Di dalam ajaran Thariqat terutama Thariqat Naqsyabandiyah ada dikenal dengan istilah bai’at dan talqin dzikir. Yaitu apabila seseorang berniat ingin memasuki ajaran Thariqat, maka haruslah berbai’at dan mengambil talqin dzikir kepada seorang Syaikh yg Mursyid.
Makna Syariat
Adapun makna secara syariat, bai’at adalah perjanjian/pelantikan/peresmian/penobatan (tahbis) seseorang yg memiliki keseriusan untuk menempuh jalan pengetahuan (makrifat) kepada Allah melalui seorang Syaikh Mursyid yg diyakini memiliki hubungan khusus baik secara jasmani maupun ruhani kepada Rasulullah Saw.
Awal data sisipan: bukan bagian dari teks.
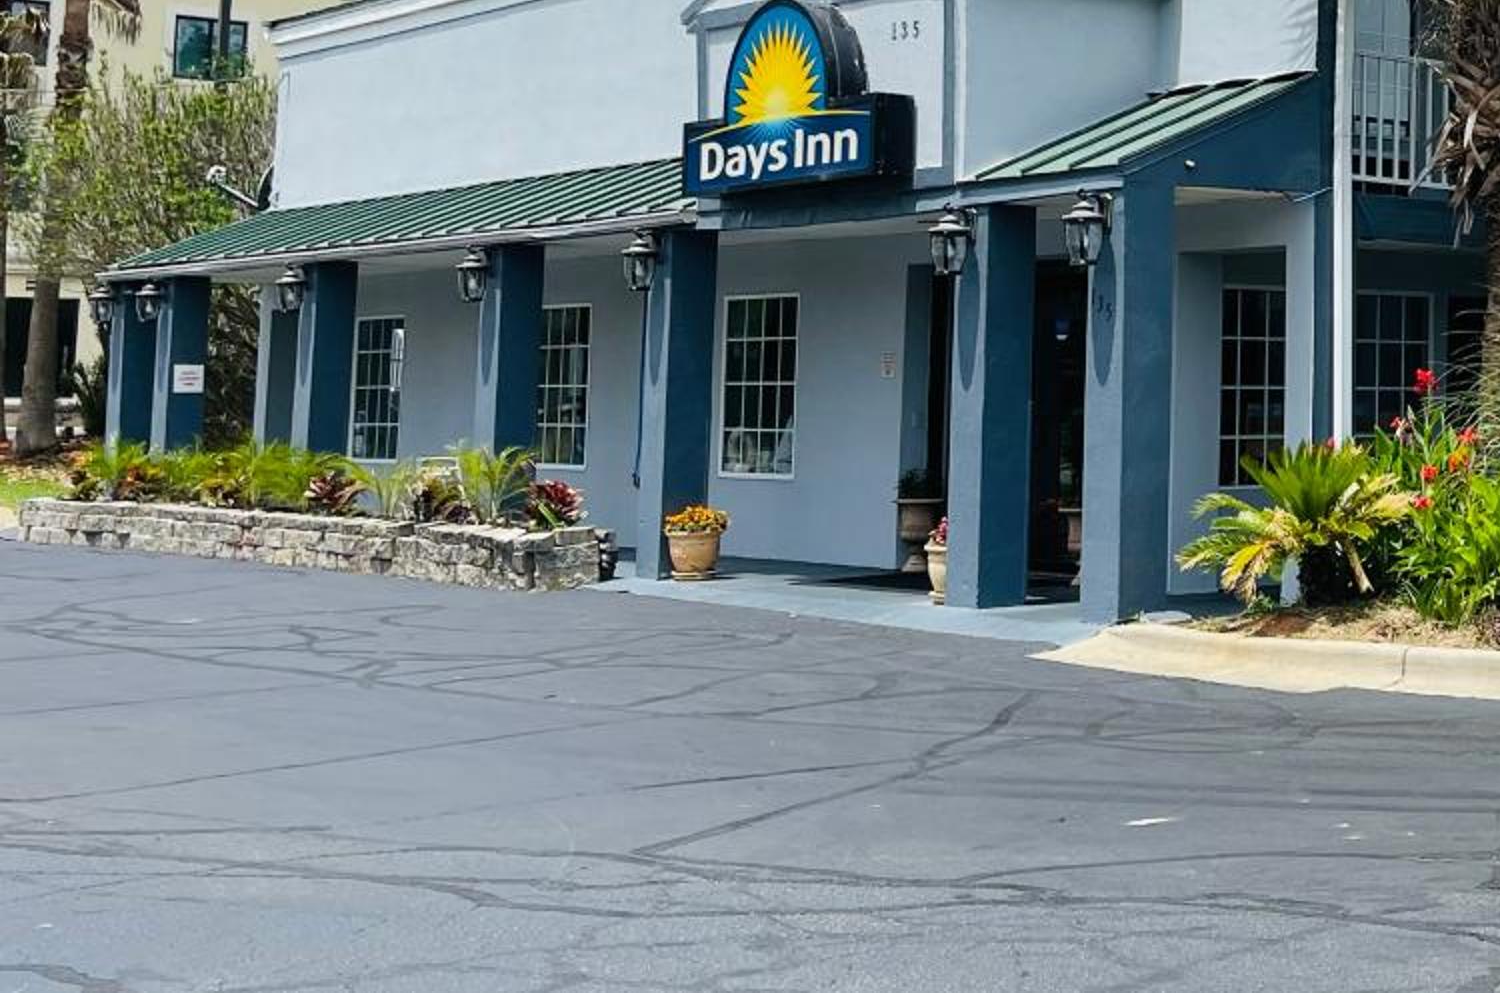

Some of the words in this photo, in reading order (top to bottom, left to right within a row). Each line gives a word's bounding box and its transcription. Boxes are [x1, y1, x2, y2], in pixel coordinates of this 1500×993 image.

[890, 20, 920, 41] 135
[700, 138, 788, 181] Days
[794, 128, 858, 168] Inn
Secara etimologi, Bai’at adalah Isim mashdar dari baaya’a – yubaaya’a – bay’atun [بايع – يبايع – بيعة]. Asalnya sama dengan baayi’un (transaksi).
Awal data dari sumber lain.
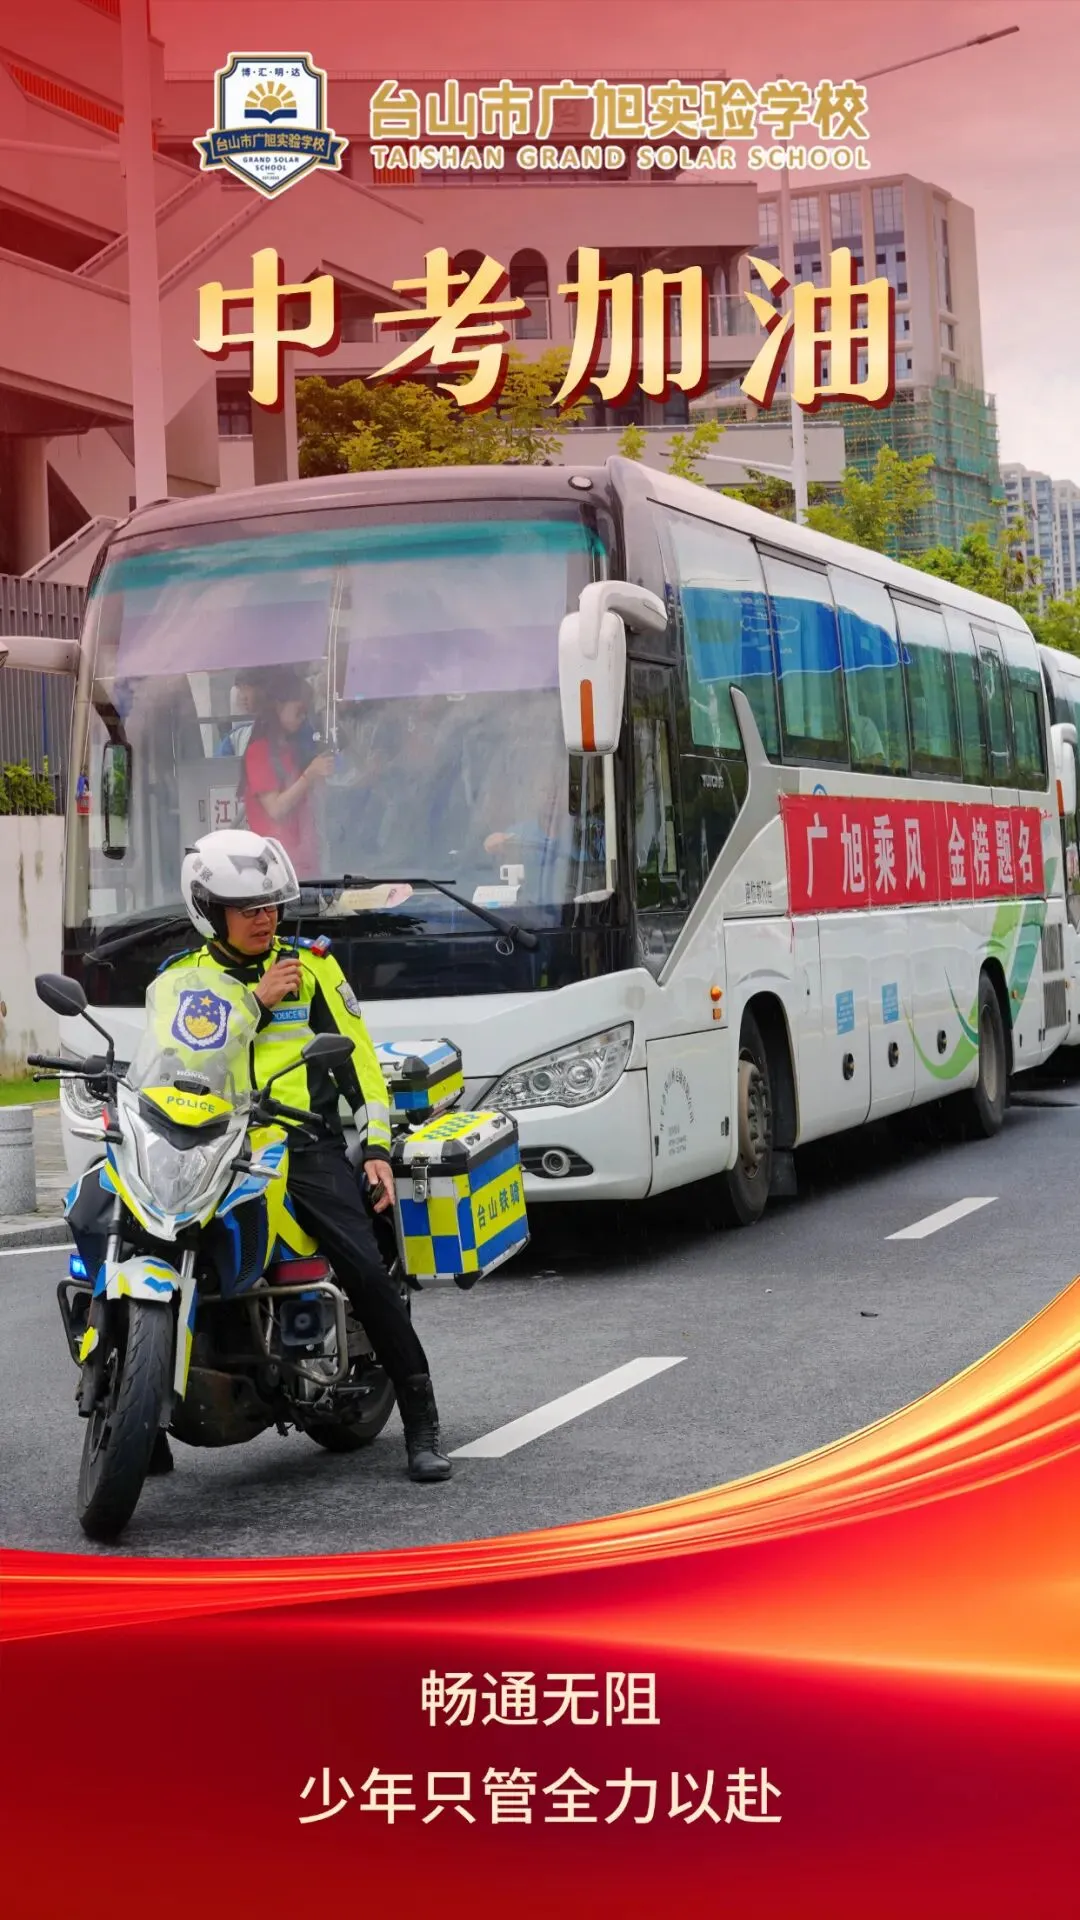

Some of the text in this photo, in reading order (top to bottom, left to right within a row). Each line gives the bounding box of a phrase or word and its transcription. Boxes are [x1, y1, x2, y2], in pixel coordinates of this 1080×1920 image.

Makna bai’at itu sendiri adalah sumpah setia dengan suatu kepemimpinan, sehingga terjalinlah suatu hubungan yg kuat antara yg memimpin dengan yg dipimpin. Dengan prosesi bai’at maka terjalinlah ikatan hukum berupa hak dan kewajiban serta tanggung jawab atas kedua belah pihak.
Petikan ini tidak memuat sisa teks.